§ ACTION ITEM
Print the entries verbatim, leaving out the images they contain.

(Stored data entries)

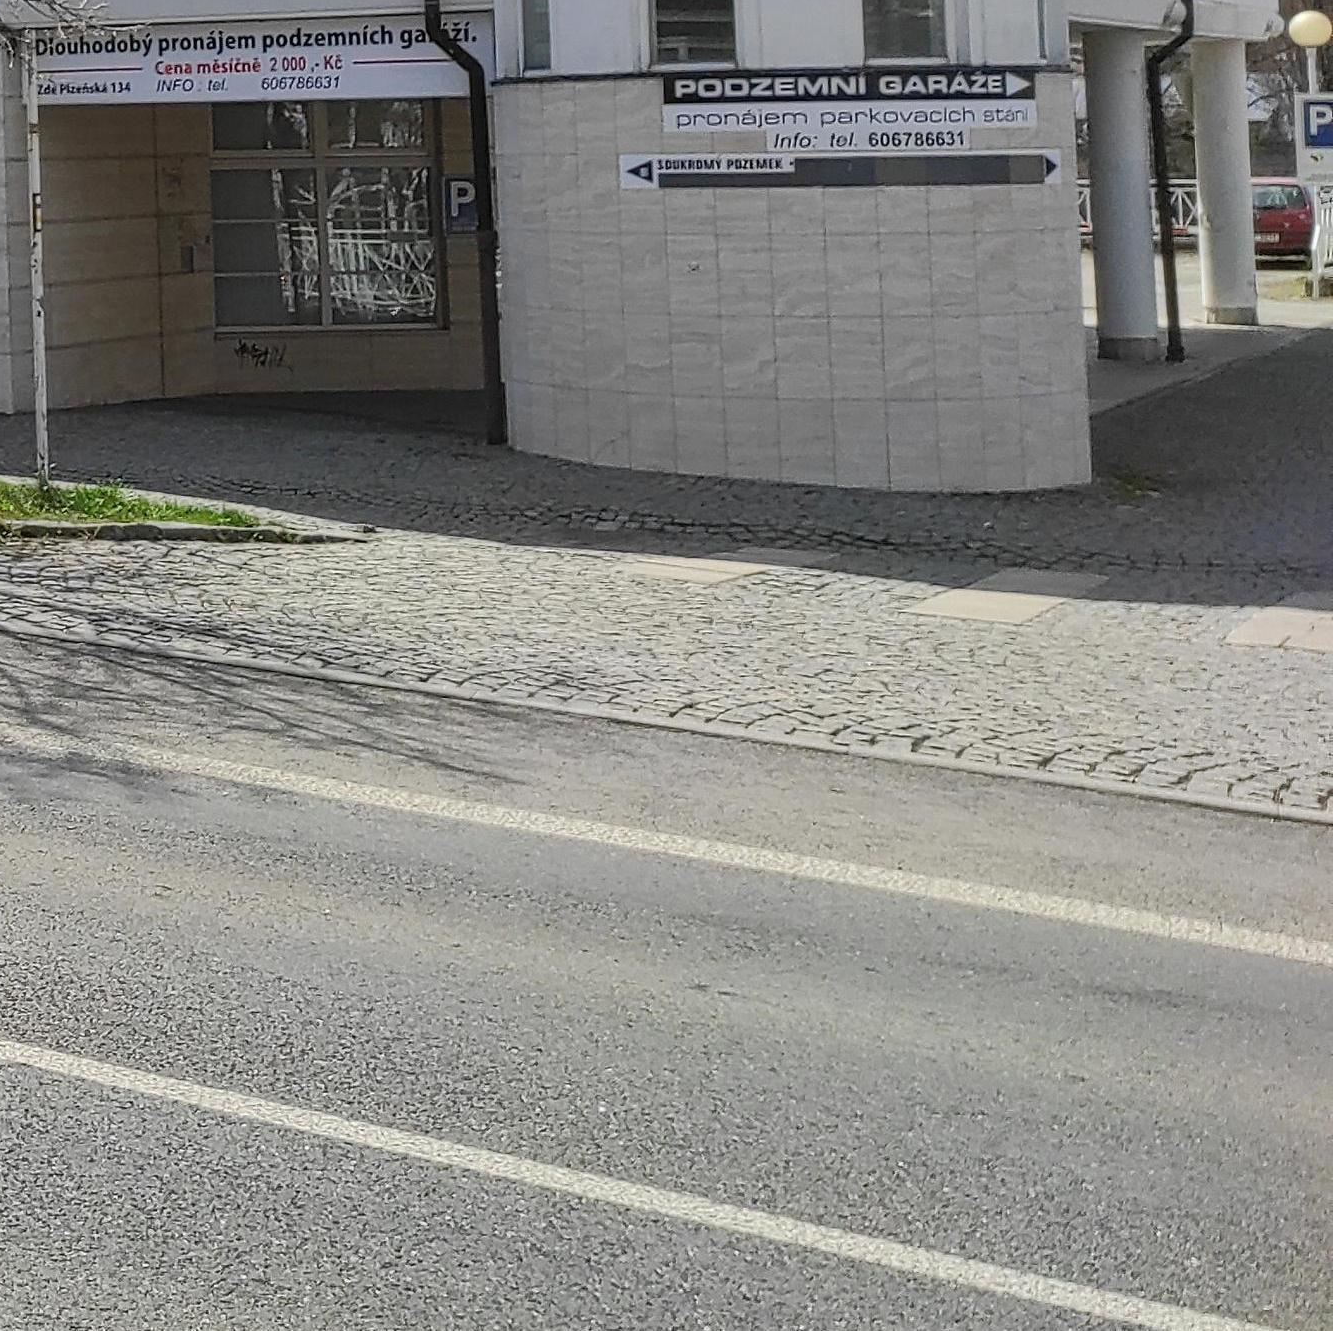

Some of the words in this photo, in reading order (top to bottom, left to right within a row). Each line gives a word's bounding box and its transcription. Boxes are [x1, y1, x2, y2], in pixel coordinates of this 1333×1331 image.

[35, 33, 153, 57] Dlouhodobý
[158, 30, 257, 55] pronájem
[262, 24, 393, 53] podzemních
[155, 61, 193, 75] Cena
[197, 57, 261, 74] měsíčně
[269, 57, 278, 72] 2
[282, 56, 306, 71] 000
[324, 54, 343, 71] Kč
[112, 81, 131, 93] 134
[156, 79, 194, 92] INFO
[208, 78, 229, 91] tel.
[261, 76, 340, 90] 606786631
[675, 73, 867, 98] PODZEMNÍ
[879, 71, 1003, 95] GARÁŽE
[677, 109, 808, 129] pronájem
[774, 133, 818, 149] Info:
[868, 130, 965, 148] 606786631
[726, 158, 783, 170] POZEMEK
[450, 181, 475, 217] P
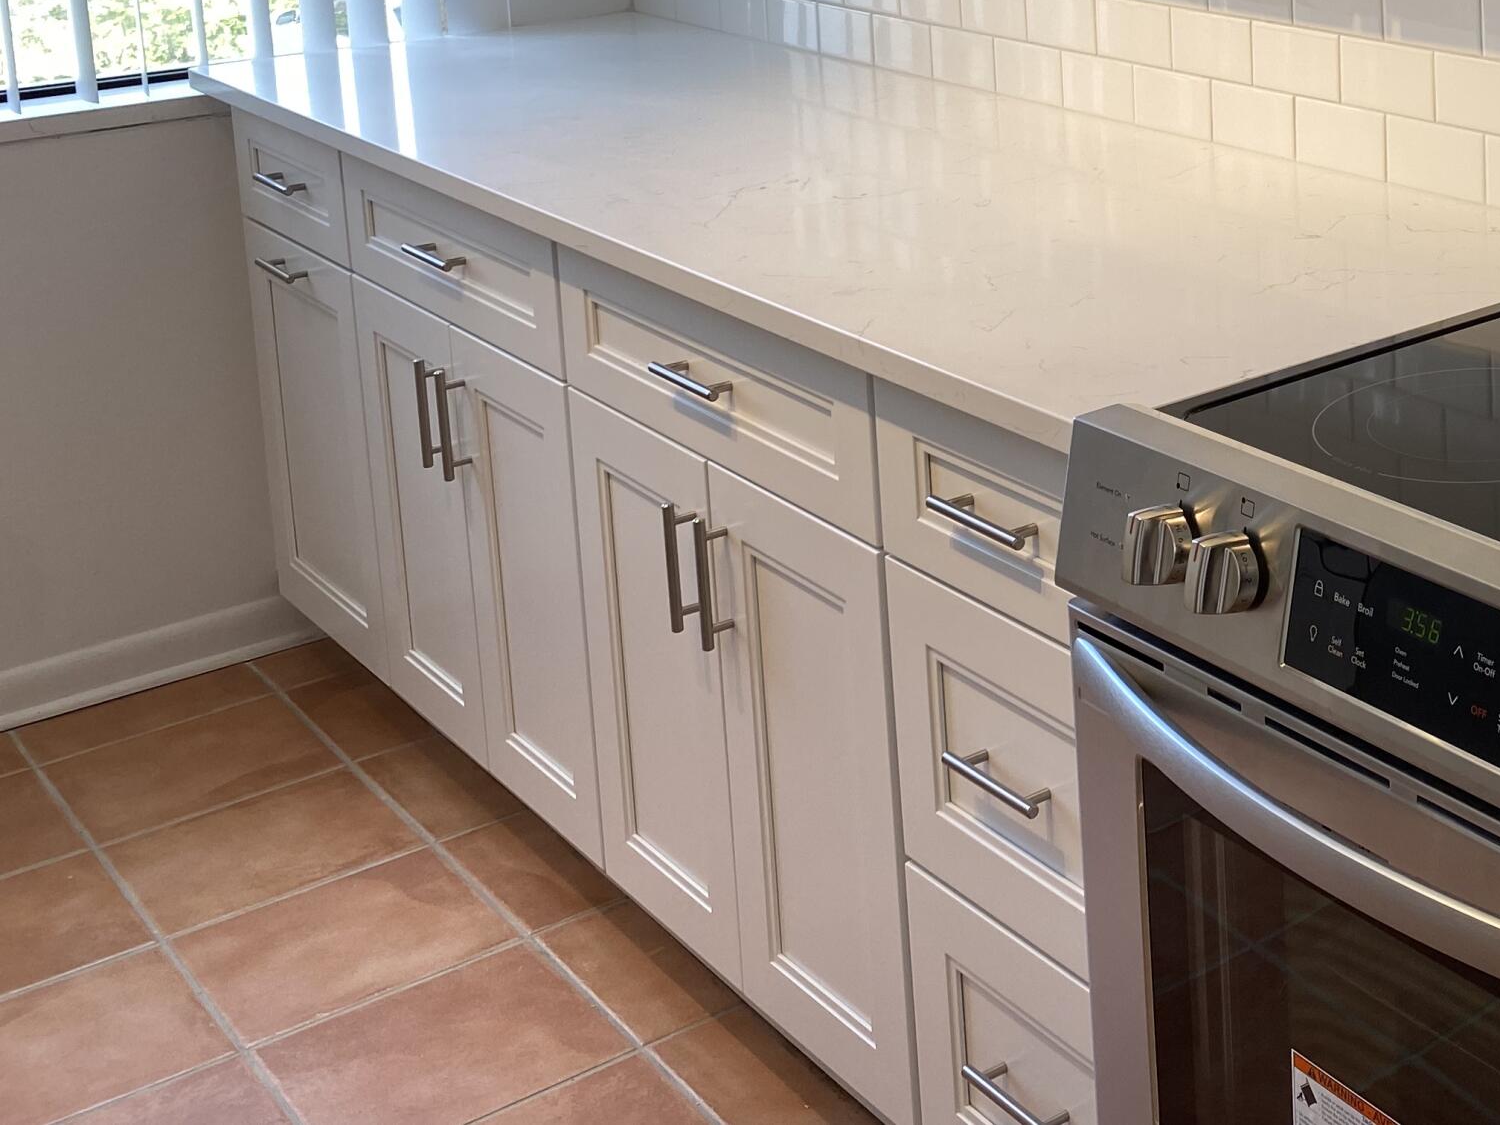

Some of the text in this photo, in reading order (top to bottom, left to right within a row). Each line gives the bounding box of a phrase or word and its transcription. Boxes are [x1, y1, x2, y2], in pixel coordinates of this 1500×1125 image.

§ YOUR RESPONSE
Some of the words in this photo, in reading order (top to bottom, left to right within a row). Each line gives a word's bounding box and its transcription. Boxes are [x1, y1, x2, y2], in pixel coordinates of this 1333×1331 image.

[35, 33, 153, 57] Dlouhodobý
[158, 30, 257, 55] pronájem
[262, 24, 393, 53] podzemních
[155, 61, 193, 75] Cena
[197, 57, 261, 74] měsíčně
[269, 57, 278, 72] 2
[282, 56, 306, 71] 000
[324, 54, 343, 71] Kč
[112, 81, 131, 93] 134
[156, 79, 194, 92] INFO
[208, 78, 229, 91] tel.
[261, 76, 340, 90] 606786631
[675, 73, 867, 98] PODZEMNÍ
[879, 71, 1003, 95] GARÁŽE
[677, 109, 808, 129] pronájem
[774, 133, 818, 149] Info:
[868, 130, 965, 148] 606786631
[726, 158, 783, 170] POZEMEK
[450, 181, 475, 217] P

Some of the text in this photo, in reading order (top to bottom, left to right within a row). Each line gives the bounding box of a phrase or word and its transcription. Boxes are [x1, y1, x2, y2], in pixel coordinates of this 1500×1125 image.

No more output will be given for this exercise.